Phrase grounding data:
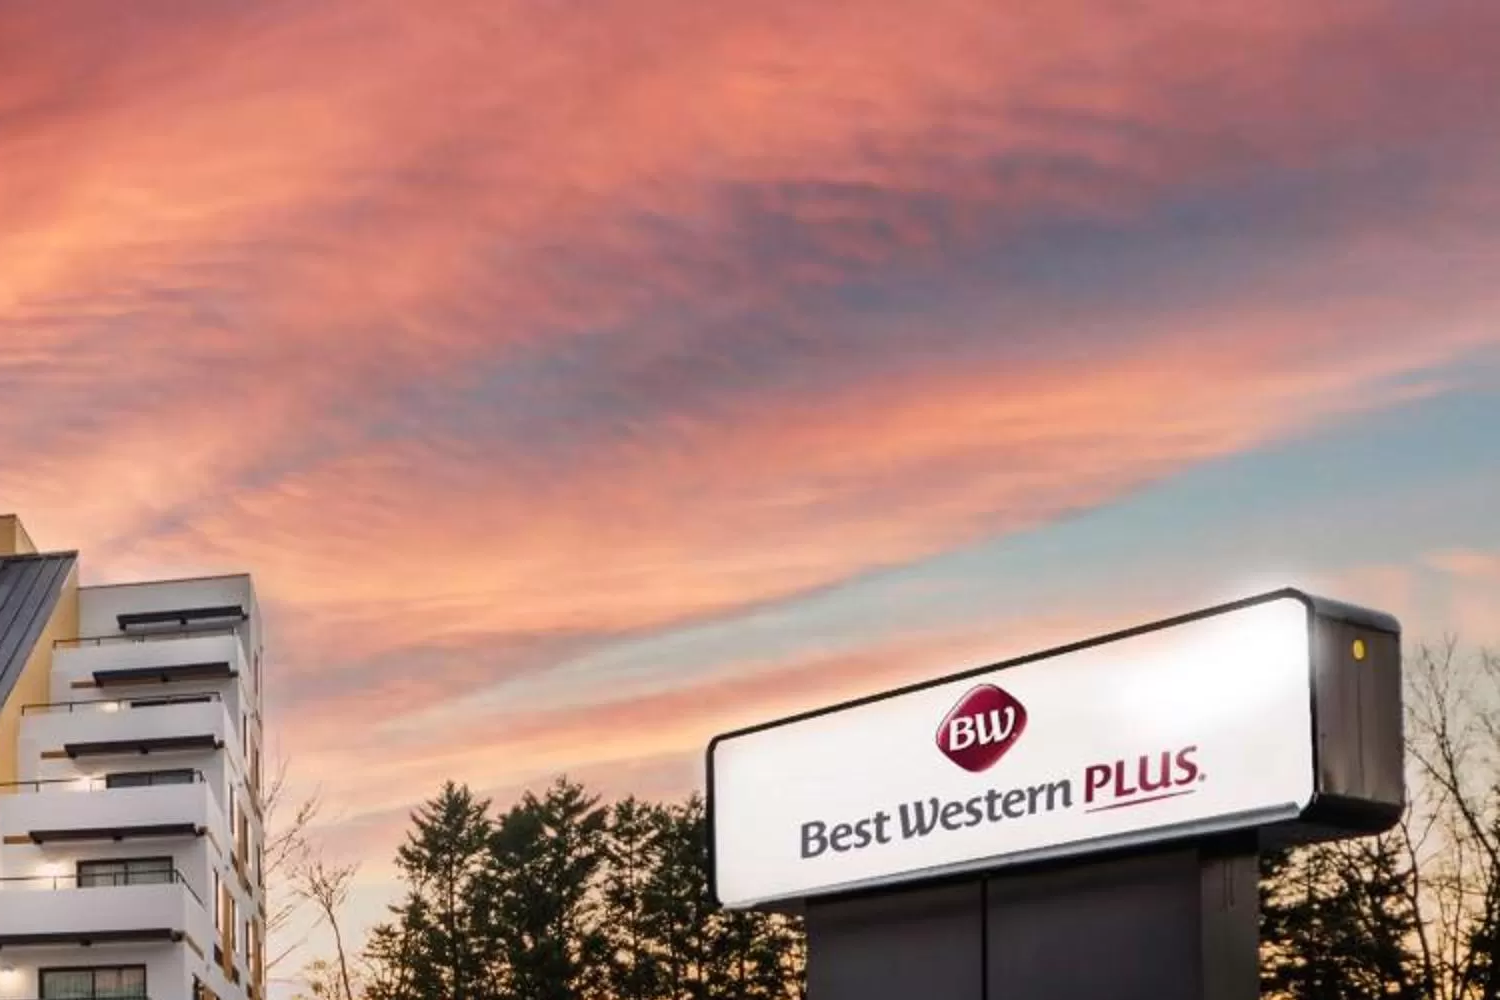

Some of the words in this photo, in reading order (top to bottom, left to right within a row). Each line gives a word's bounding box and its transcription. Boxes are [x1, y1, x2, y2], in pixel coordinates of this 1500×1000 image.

[949, 705, 1015, 752] BW
[800, 811, 892, 859] Best
[899, 779, 1072, 840] Western
[1084, 745, 1199, 803] PLUS

Problem requirements
Retype the data word for word and keep the pictures out of it.

Exercise solution
Some of the words in this photo, in reading order (top to bottom, left to right within a row). Each line gives a word's bounding box and its transcription. Boxes are [x1, y1, x2, y2], in pixel coordinates of this 1500×1000 image.

[949, 705, 1015, 752] BW
[800, 811, 892, 859] Best
[899, 779, 1072, 840] Western
[1084, 745, 1199, 803] PLUS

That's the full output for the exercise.